The Non-Invasive Assessment of Circulating D-Loop and mt-ccf Levels Opens an Intriguing Spyhole into Novel Approaches for the Tricky Diagnosis of NASH

Nonalcoholic fatty liver disease (NAFLD) is the commonest liver disease worldwide affecting both adults and children. Nowadays, no therapeutic strategies have been approved for NAFLD management, and hepatic biopsy remains the gold standard procedure for its diagnosis. NAFLD is a multifactorial disease whose pathogenesis is affected by environmental and genetic factors, and it covers a spectrum of conditions ranging from simple steatosis up to nonalcoholic steatohepatitis (NASH), fibrosis, cirrhosis, and hepatocellular carcinoma (HCC).
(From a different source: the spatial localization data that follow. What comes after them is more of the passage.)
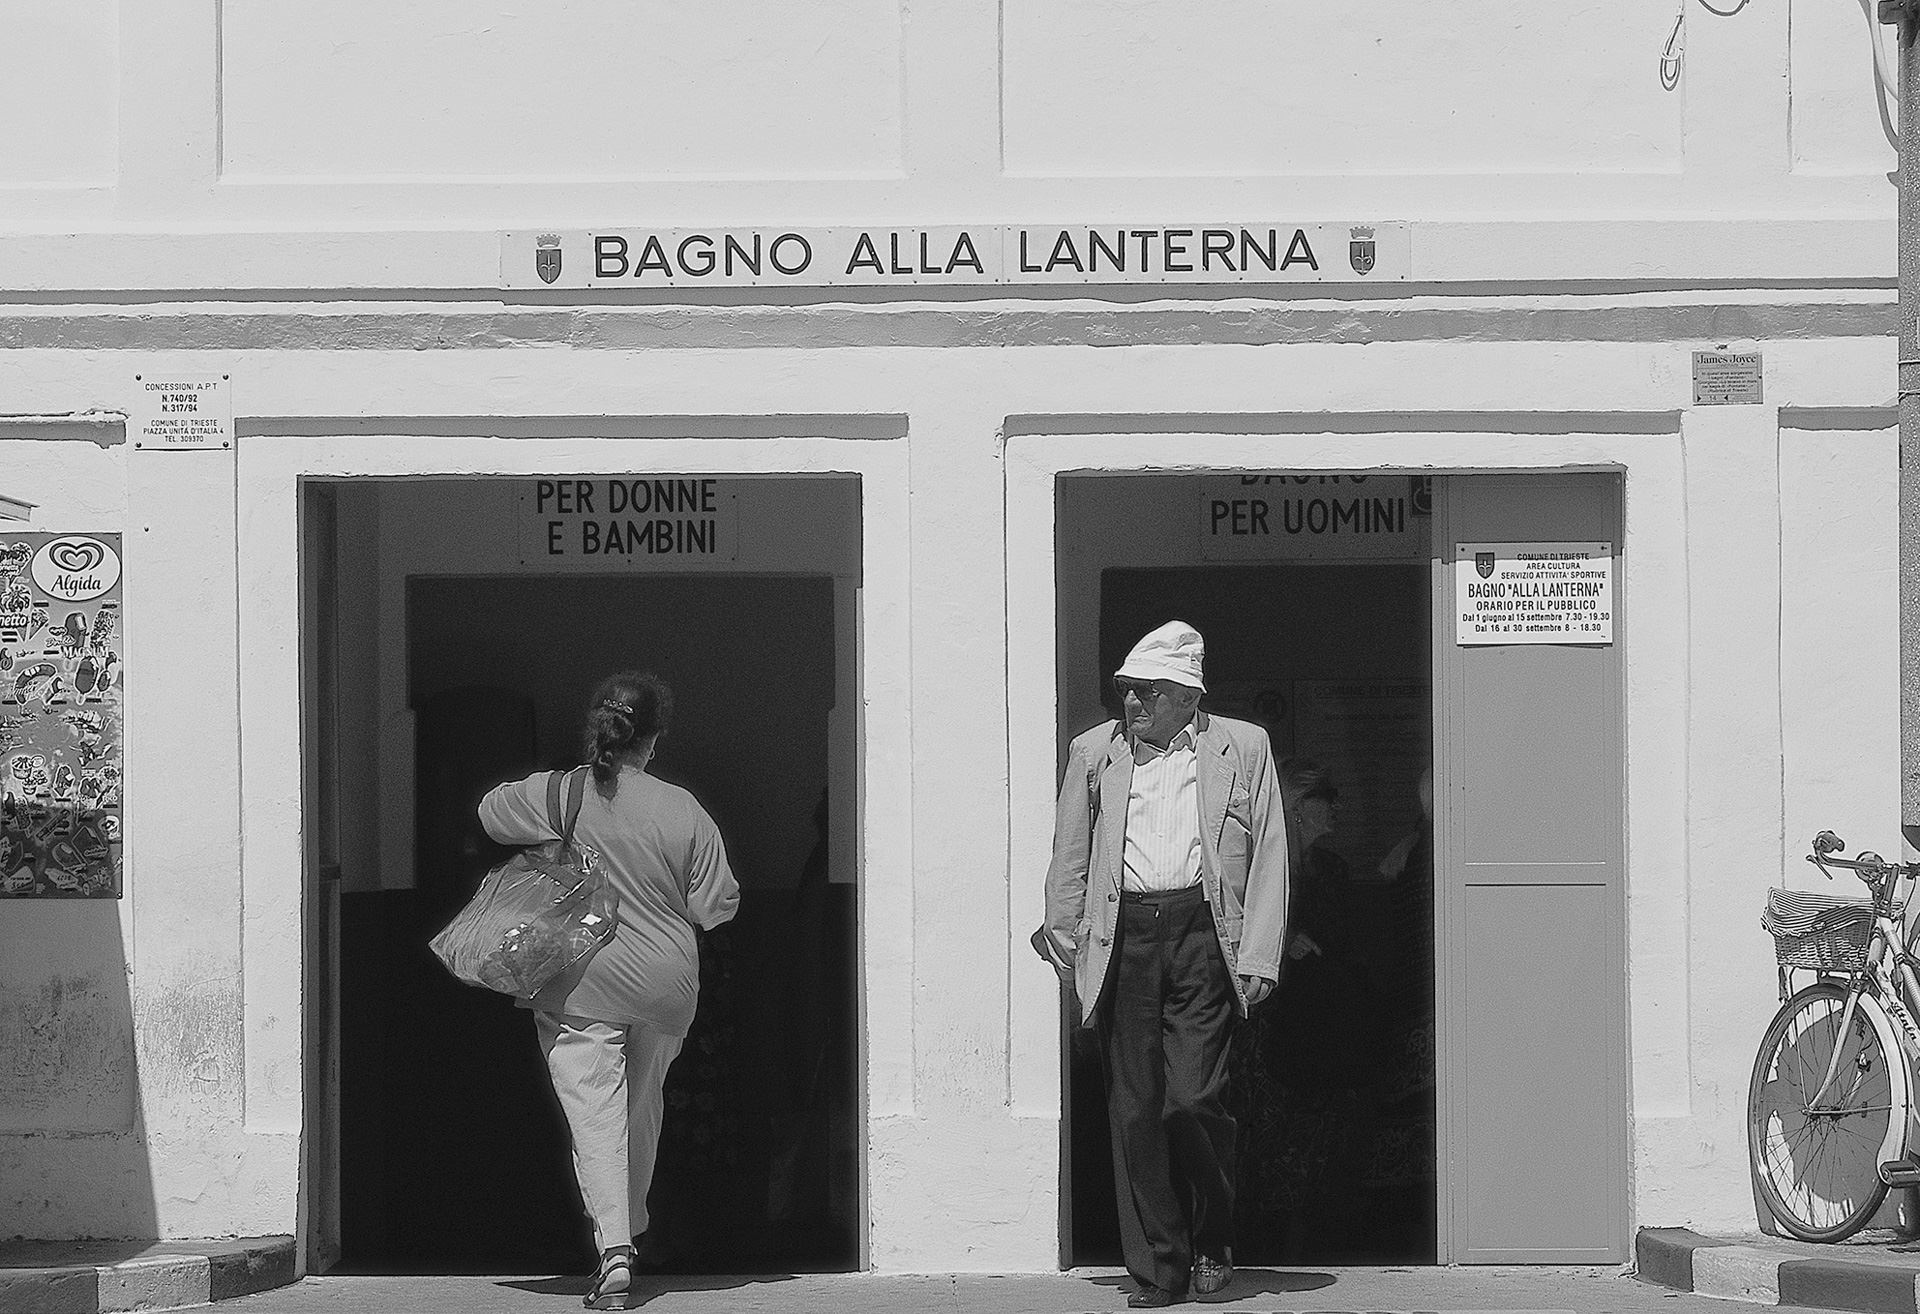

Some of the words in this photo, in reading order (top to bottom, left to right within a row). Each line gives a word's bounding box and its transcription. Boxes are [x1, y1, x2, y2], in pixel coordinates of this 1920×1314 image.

[594, 233, 812, 279] BAGNO
[845, 232, 984, 275] ALLA
[1019, 229, 1319, 273] LANTERNA
[1697, 354, 1728, 364] James
[1729, 354, 1757, 366] Joyce
[145, 383, 194, 391] CONCESSIONI
[161, 394, 198, 403] N.740/92
[161, 404, 198, 412] N.317/94
[151, 419, 178, 427] COMUNE
[143, 427, 167, 435] PIAZZA
[536, 480, 595, 514] PER
[609, 479, 717, 514] DONNE
[1211, 500, 1270, 535] PER
[1284, 498, 1404, 534] UOMINI
[548, 521, 563, 555] E
[583, 519, 715, 554] BAMBINI
[1560, 552, 1589, 560] TRIESTE
[1547, 562, 1581, 570] CULTURA
[1535, 571, 1569, 579] ATTIVITA'
[1570, 571, 1606, 579] SPORTIVE
[51, 574, 102, 598] Algida
[1468, 583, 1506, 598] BAGNO
[1476, 601, 1514, 611] ORARIO
[1515, 601, 1534, 611] PER
[1536, 601, 1545, 611] IL
[1547, 600, 1596, 610] PUBBLICO
[1462, 613, 1475, 621] Dal
[1476, 613, 1480, 621] 1
[1482, 614, 1507, 623] giugno
[1508, 613, 1515, 621] al
[1516, 613, 1525, 621] 15
[1526, 613, 1562, 621] settembre
[1565, 612, 1582, 621] 7.30
[1588, 612, 1610, 621] 19.30
[1475, 624, 1488, 632] Dal
[1490, 624, 1500, 632] 16
[1503, 624, 1510, 632] al
[1513, 624, 1523, 632] 30
[1525, 624, 1562, 632] settembre
[1564, 623, 1570, 631] 8
[1580, 623, 1602, 631] 18.30
[61, 644, 109, 658] MAGNUM
Several studies underlined the urgent need to develop an NAFLD risk prediction model based on genetics, biochemical indicators, and metabolic disorders. The loss of mitochondrial dynamics represents a typical feature of progressive NAFLD. The imbalance of mitochondrial lifecycle together with the impairment of mitochondrial biomass and function trigger oxidative stress, which in turn damages mitochondrial DNA (mtDNA). We recently demonstrated that the main genetic predictors of NAFLD led to mitochondrial dysfunction. Moreover, emerging evidence shows that variations in the displacement loop (D-loop) region impair mtDNA replication, and they have been associated with advanced NAFLD. Finally, lower levels of mitophagy foster the overload of damaged mitochondria, resulting in the release of cell-free circulating mitochondrial DNA (mt-ccf) that exacerbates liver injury. Thus, in this review we summarized what is known about D-loop region alterations and mt-ccf content during NAFLD to propose them as novel non-invasive biomarkers.